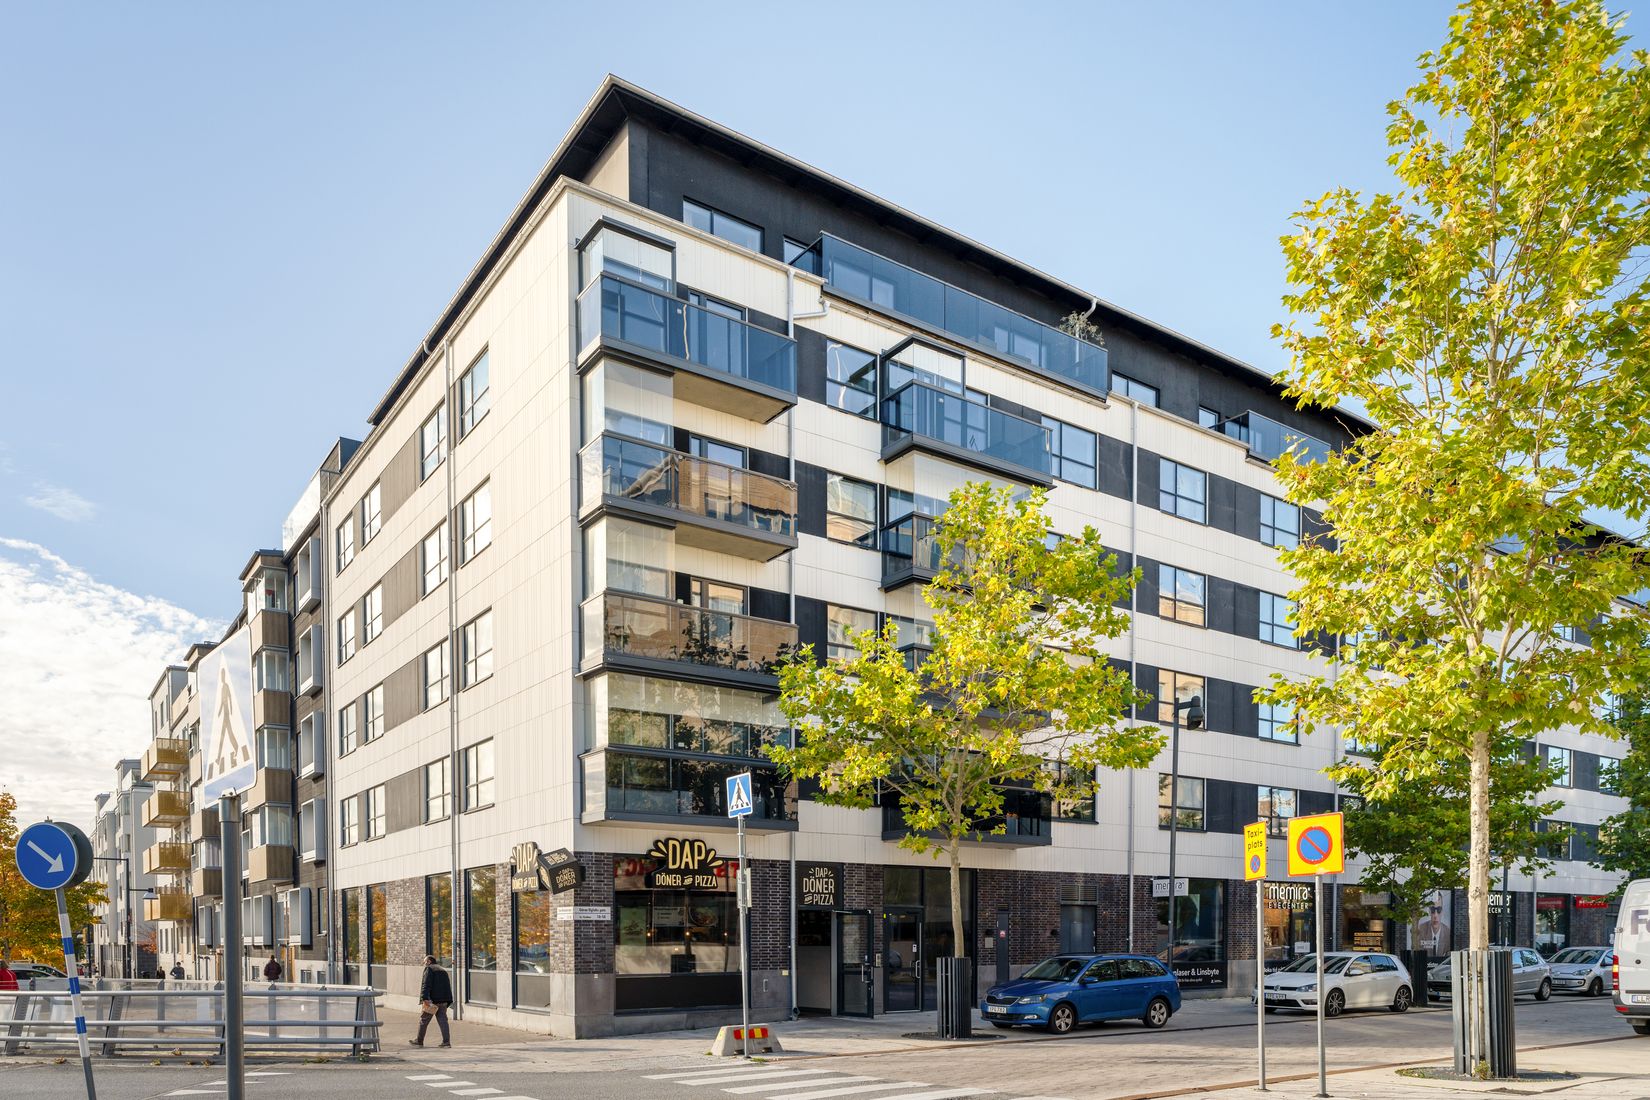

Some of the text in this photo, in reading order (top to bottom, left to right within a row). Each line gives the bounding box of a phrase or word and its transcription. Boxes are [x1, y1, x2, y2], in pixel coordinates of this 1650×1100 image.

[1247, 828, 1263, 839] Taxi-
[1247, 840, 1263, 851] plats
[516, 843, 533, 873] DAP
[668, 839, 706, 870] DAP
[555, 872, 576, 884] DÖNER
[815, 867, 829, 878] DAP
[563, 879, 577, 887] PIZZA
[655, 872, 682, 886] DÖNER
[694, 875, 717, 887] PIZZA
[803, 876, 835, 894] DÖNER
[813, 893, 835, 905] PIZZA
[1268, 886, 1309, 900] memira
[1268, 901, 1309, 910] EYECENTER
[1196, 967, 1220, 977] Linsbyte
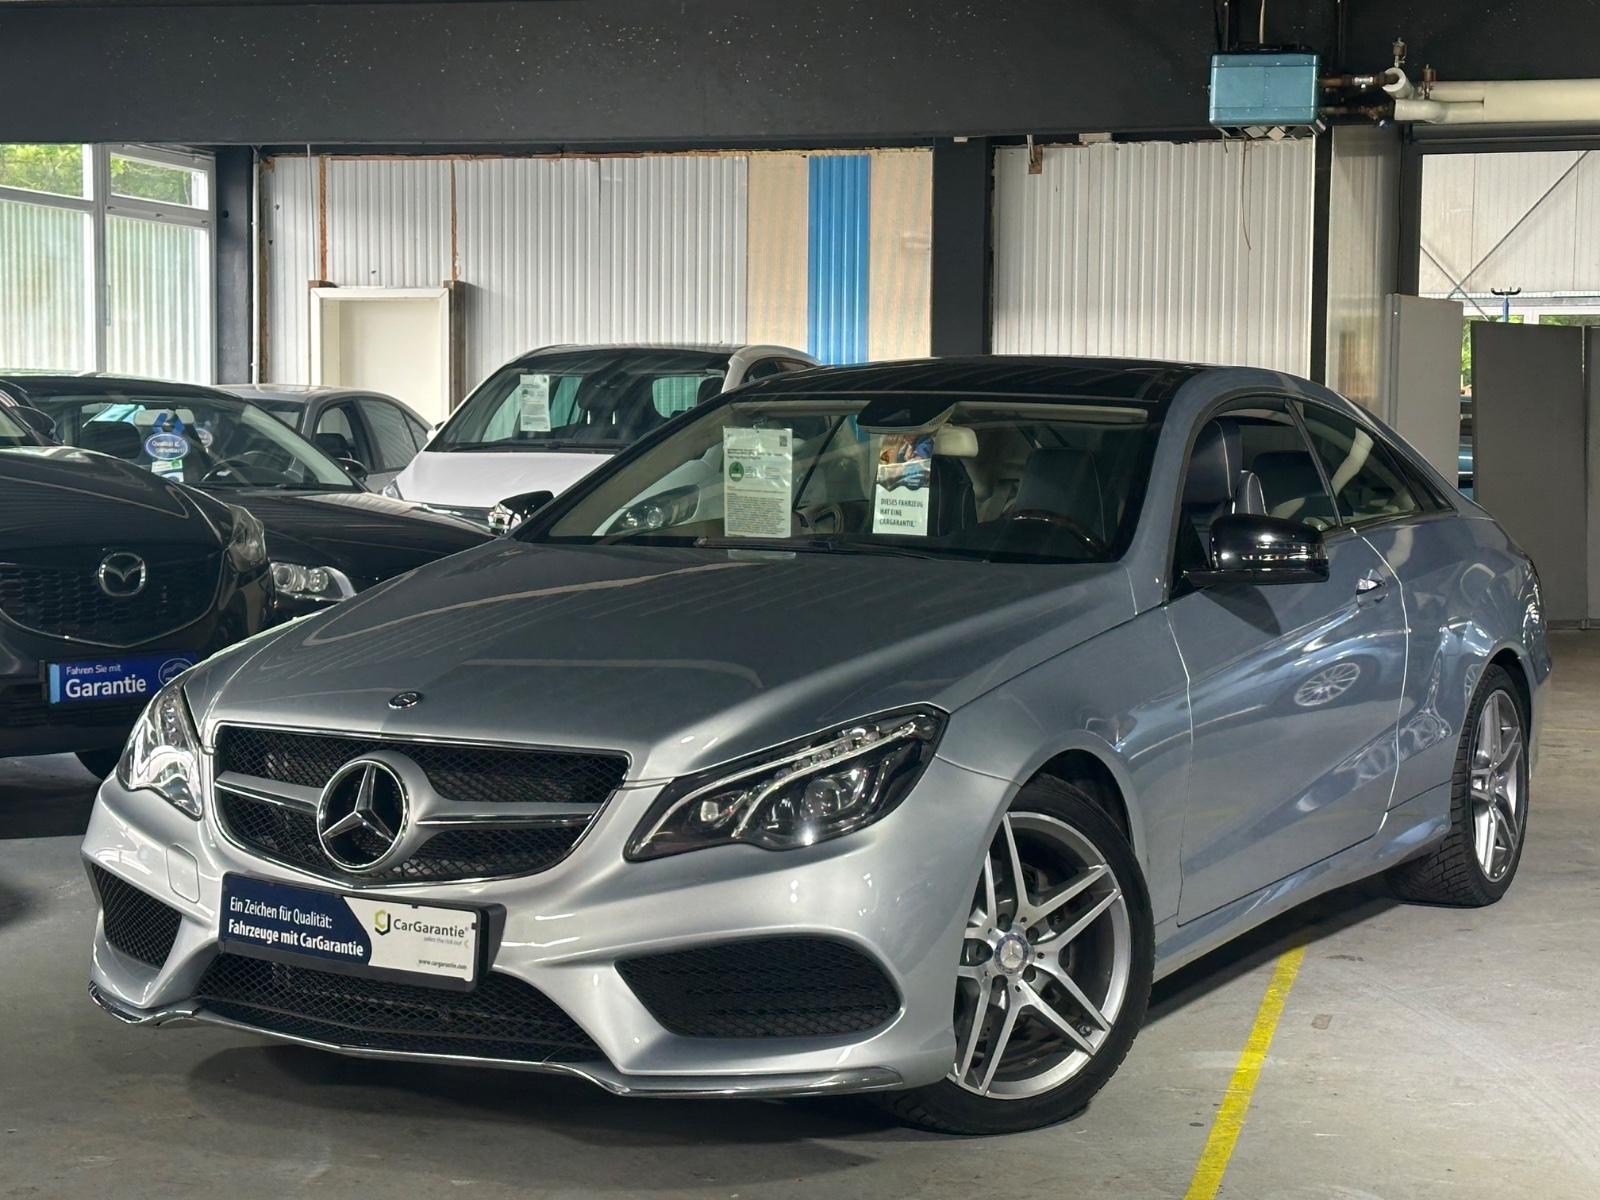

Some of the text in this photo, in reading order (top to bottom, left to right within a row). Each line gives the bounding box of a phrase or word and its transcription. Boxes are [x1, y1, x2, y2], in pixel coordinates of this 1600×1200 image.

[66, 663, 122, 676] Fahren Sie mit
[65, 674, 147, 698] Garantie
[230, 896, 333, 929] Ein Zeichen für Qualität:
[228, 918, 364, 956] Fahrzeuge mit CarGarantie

--

* [Instructions for the task] Pictures stay out. Everything else in the listing gets printed exactly.

* [Solution to the exercise]
Some of the text in this photo, in reading order (top to bottom, left to right within a row). Each line gives the bounding box of a phrase or word and its transcription. Boxes are [x1, y1, x2, y2], in pixel coordinates of this 1650×1100 image.

[1247, 828, 1263, 839] Taxi-
[1247, 840, 1263, 851] plats
[516, 843, 533, 873] DAP
[668, 839, 706, 870] DAP
[555, 872, 576, 884] DÖNER
[815, 867, 829, 878] DAP
[563, 879, 577, 887] PIZZA
[655, 872, 682, 886] DÖNER
[694, 875, 717, 887] PIZZA
[803, 876, 835, 894] DÖNER
[813, 893, 835, 905] PIZZA
[1268, 886, 1309, 900] memira
[1268, 901, 1309, 910] EYECENTER
[1196, 967, 1220, 977] Linsbyte

Some of the text in this photo, in reading order (top to bottom, left to right within a row). Each line gives the bounding box of a phrase or word and its transcription. Boxes are [x1, y1, x2, y2], in pixel coordinates of this 1600×1200 image.

[66, 663, 122, 676] Fahren Sie mit
[65, 674, 147, 698] Garantie
[230, 896, 333, 929] Ein Zeichen für Qualität:
[228, 918, 364, 956] Fahrzeuge mit CarGarantie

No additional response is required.